Exercise directions
Your answer must be an exact copy of the data below, minus any pictures.

----- Available records -----

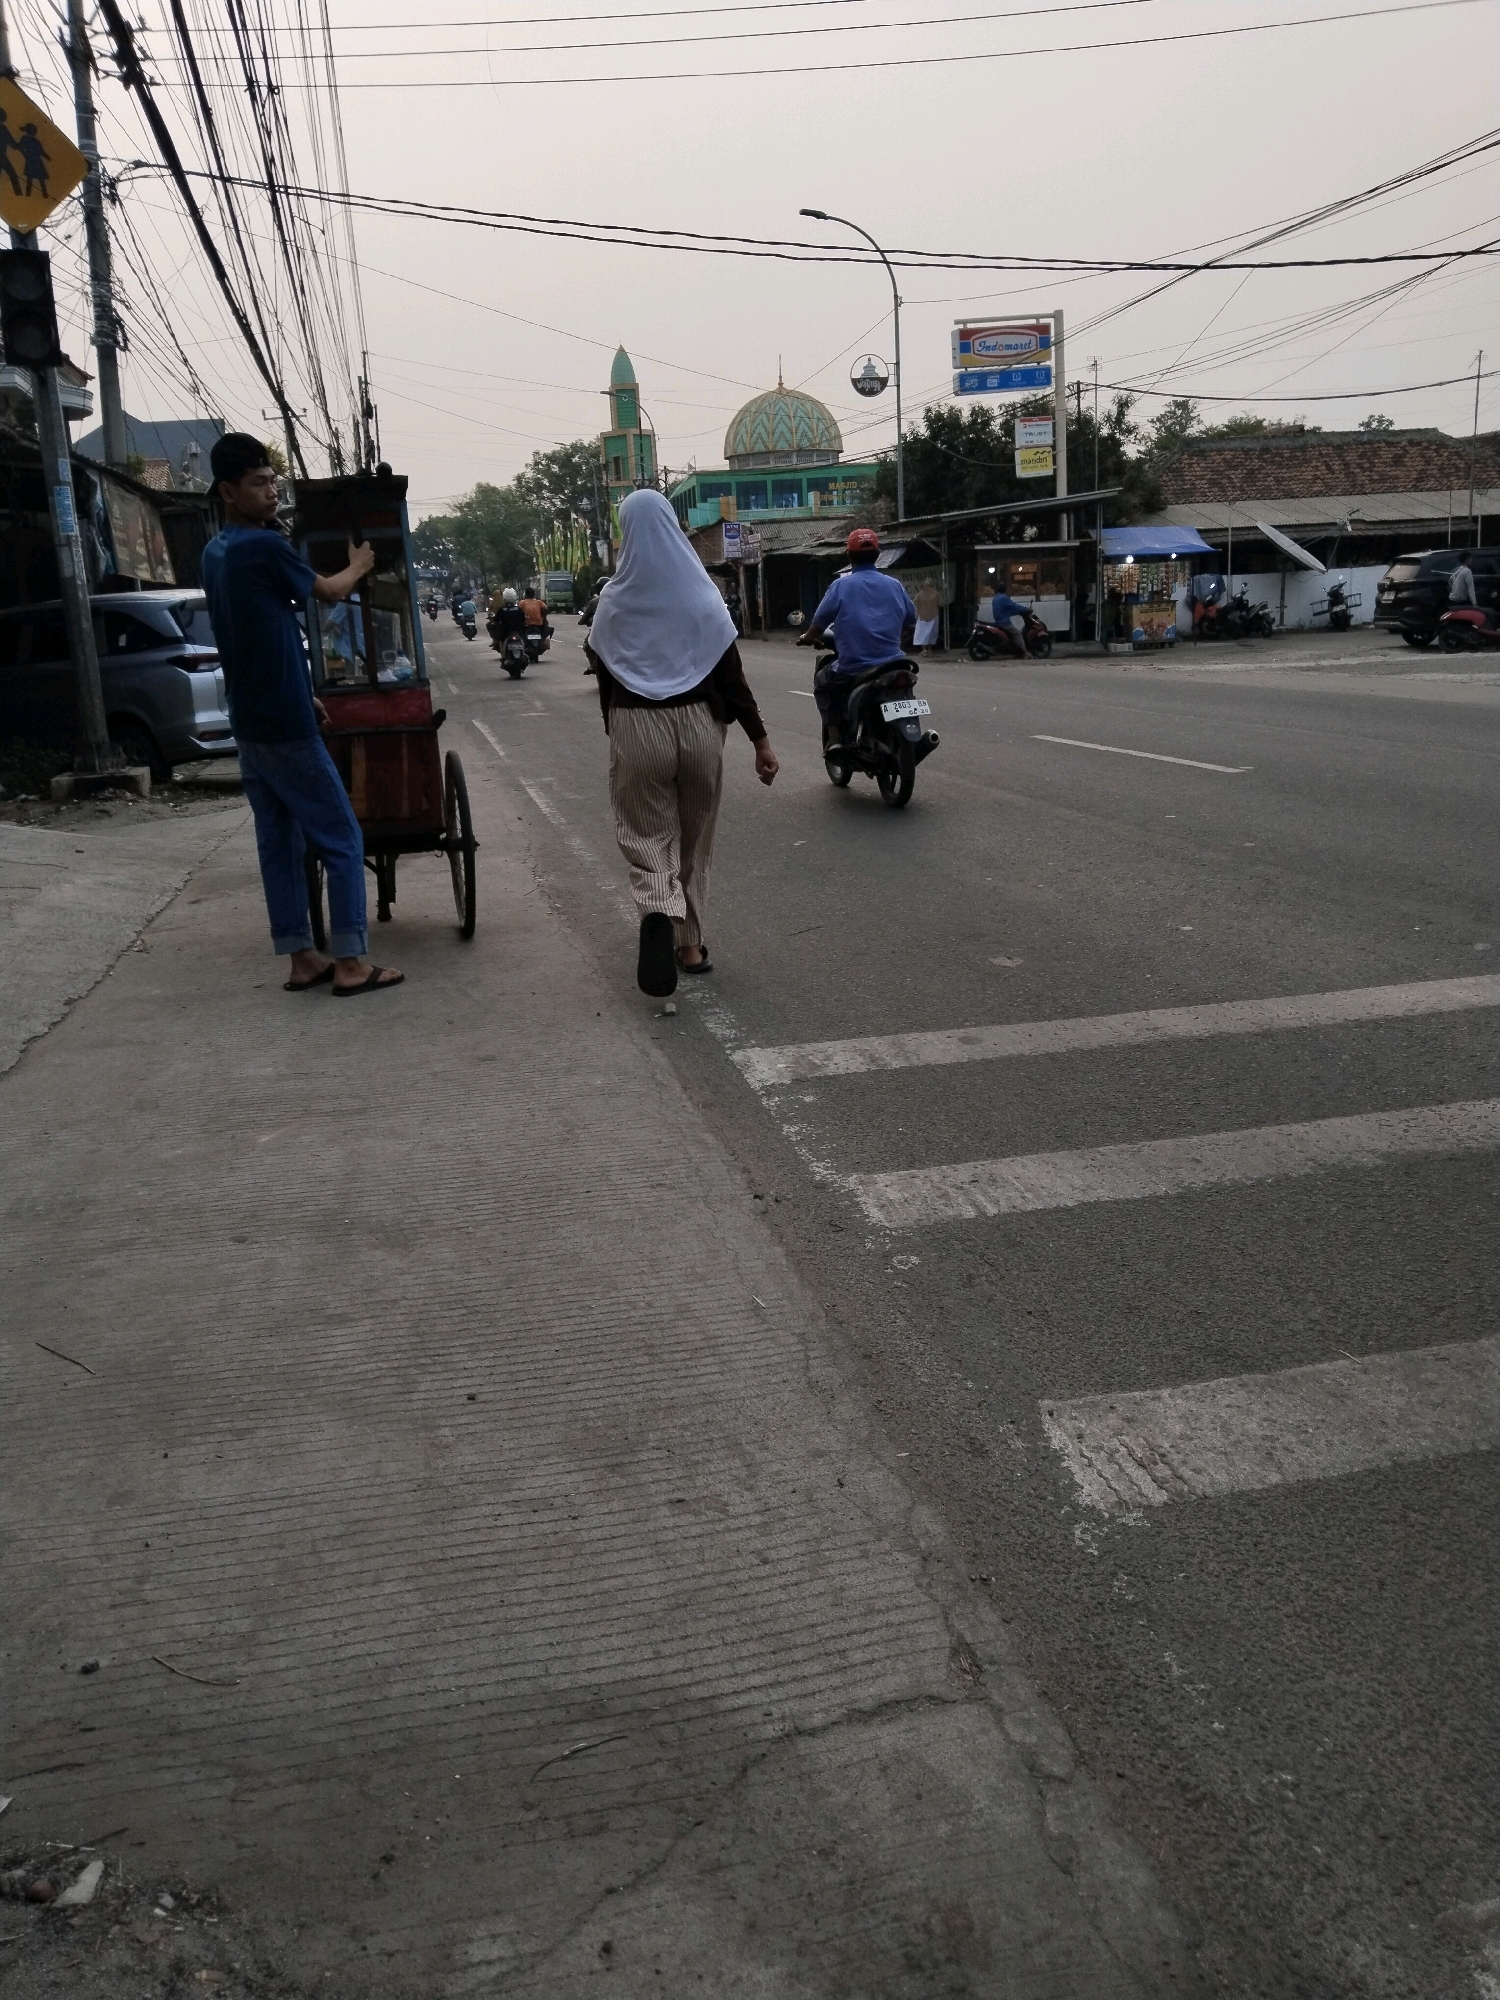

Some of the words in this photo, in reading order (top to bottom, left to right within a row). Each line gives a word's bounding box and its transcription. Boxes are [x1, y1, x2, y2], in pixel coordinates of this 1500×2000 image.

[976, 339, 1032, 353] Indomaret
[828, 481, 858, 490] MASJID
[902, 570, 938, 581] BUBUR
[883, 705, 888, 713] A

-----

Result of the task
Some of the words in this photo, in reading order (top to bottom, left to right within a row). Each line gives a word's bounding box and its transcription. Boxes are [x1, y1, x2, y2], in pixel coordinates of this 1500×2000 image.

[976, 339, 1032, 353] Indomaret
[828, 481, 858, 490] MASJID
[902, 570, 938, 581] BUBUR
[883, 705, 888, 713] A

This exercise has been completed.